I reached out and laid my hands over hers to quiet her clenching and unclenching fists.
“And they never found him?” I asked.
She shook her head. “Mike’s well known and well liked. The force did everything possible, called in the FBI. No one left a stone unturned, but Jonathan was never found.”
“You must still hope?”
She nodded and smiled, her eyes full. “I only want to know that he’s well and that he’s loved.”
“You don’t think anything bad happened? You believe he’s alive?”
“I’m sure of it.” She smiled and patted my hand before pulling hers away.
“And you’d stopped to watch the kids yesterday because…”
“Because they make me think of him,” she interrupted. “And watching the games they play lets me know what he’s doing now too.”
A little sick, I thought, but who wouldn’t be a little sick after losing a child and never knowing if he was dead or alive?
“It must make you sad to watch them.”
“It’s bittersweet,” she said. “In a way, it makes me feel closer to him. But each time I watch them my heart breaks a little more.”
Okay, so I’m an unfeeling troll. I came over here hoping to uncover some long-buried twist regarding Jonathan’s disappearance. The sight of her watching those kids had unleashed the skeptic in me. But by jumping to the conclusion there was more to it, I’d gnawed at a wound that will never fully close. My impulsiveness made a fool of me, a heartless one at that.
“I’m sorry, Rhea. I shouldn’t have mentioned it.”
“Not a day goes by that I don’t think about him so you don’t have to apologize. He’s always just beneath my surface, his name on the tip of my tongue.”
I glanced at the kitchen clock. It was almost eleven. “I’d better get to the office or Griff will have me putting in overtime.”
“Of course.” She smiled, but her eyes were weary. “How is it, working together?”
“It’s great. We have a rapport.” I slipped off the stool.
“I can’t imagine it. I relish the moment Mike leaves for work and I have the house to myself.”
“Maybe marriage changes things.”
“It changes a lot,” she said crushing a napkin in the palm of her hand.
Griff was staring at his lap top when I stepped into his office. Opened books and scattered papers lay strewn over his desk. “Find anything?” I asked.
“I’m taking a crash course in doping. There’s a cornucopia of options. Including our prime suspects, EPO and amphetamines. Get this, if an athlete gets a transfusion prior to a race, it increases the number of red blood cells in their system. And, since red blood cells carry oxygen it increases the amount of oxygen in the body thereby increasing the runner’s stamina and wind.”
“That’s what Gina said. You think Ashley was shooting up someone’s blood?”

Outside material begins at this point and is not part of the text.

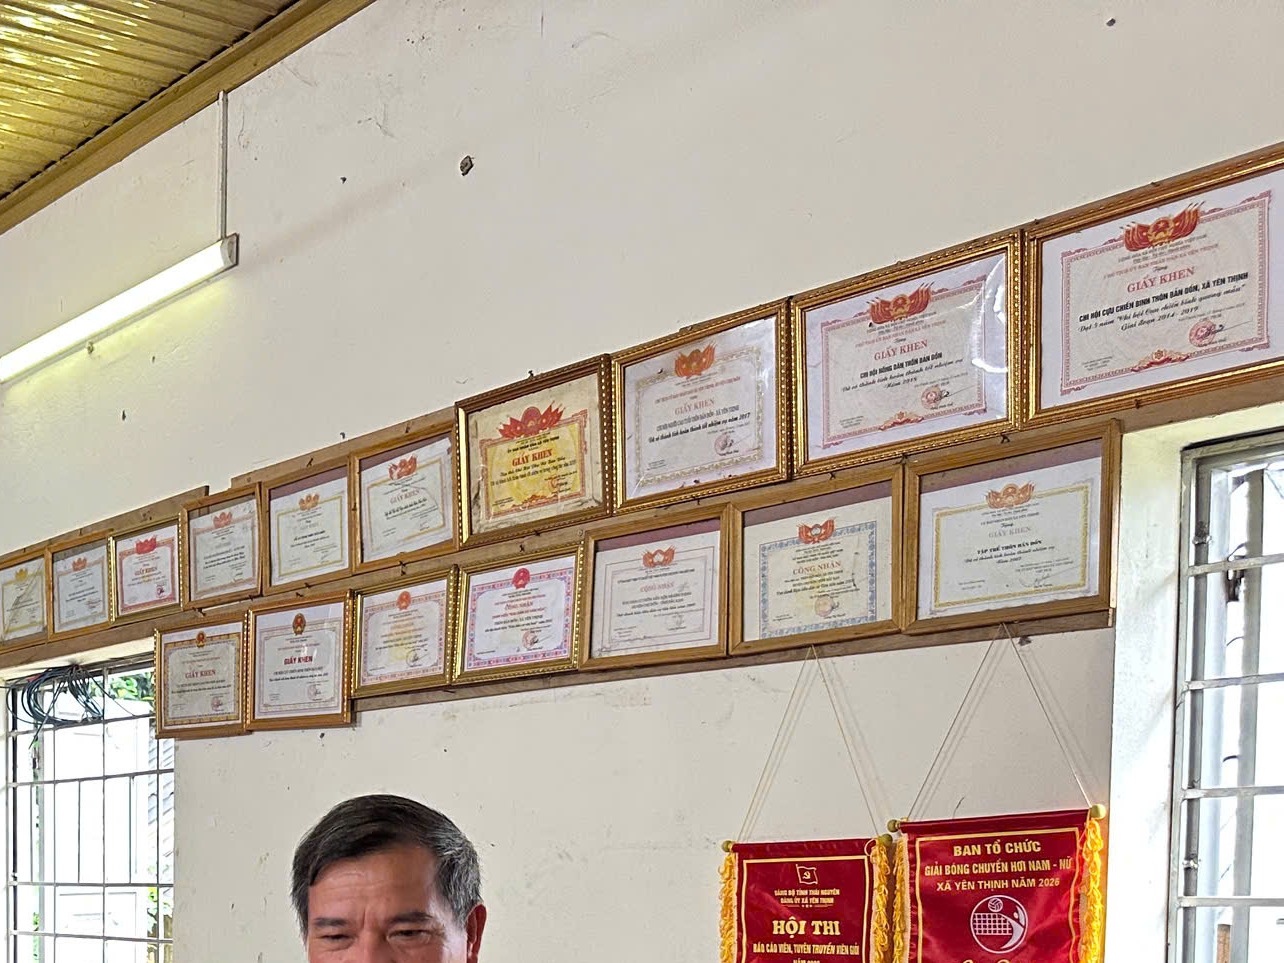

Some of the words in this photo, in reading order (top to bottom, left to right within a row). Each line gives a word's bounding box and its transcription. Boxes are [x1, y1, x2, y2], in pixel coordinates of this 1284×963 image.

“It was the thing to do before EPO came into fashion. But the better way to go would have been a transfusion of her own blood. It would virtually go undetected. Nothing would look any different on autopsy or for that matter on any drug test.”
“She draws her own blood then injects it back into herself?”
“She, or whoever was helping her, would draw two pints of her blood. That’s the usual amount from what I’ve read. Then it’s frozen. This could be done a couple of months prior to a race. In the meantime, her body would naturally replenish the blood loss. Just before the race the blood is injected back into her system thereby giving her an extra two pints of blood, boosting her red blood cell count and her oxygen level.”
“And her hematocrit.”
Griff nodded.
“That sounds a little over the top for a college athlete, a professional maybe.
“Just a thought. Blood-Doping was banned by the International Olympic Commission in 1985 and outlawed altogether in ’86, but according to this,” he pointed to a document on his desk. “It’s coming under fire again. Although EPO seems to have pretty much taken the place of transfusions.”
I slid the papers he was reading from his hand and sat down across from him, scanning the article. “Pretty interesting, but Gina didn’t find any needle marks.”
“Even on an intact body they can be hard to find. On Ashley, it would have been impossible.”
“That’s gross.”
“That’s fact. But drugs or needles weren’t on anyone’s mind when the autopsy was done, anyway. And if she was doping, I think she’d have chosen an area less likely to be noticed.”
“Like between her toes? That’s how they do it on Law and Order.”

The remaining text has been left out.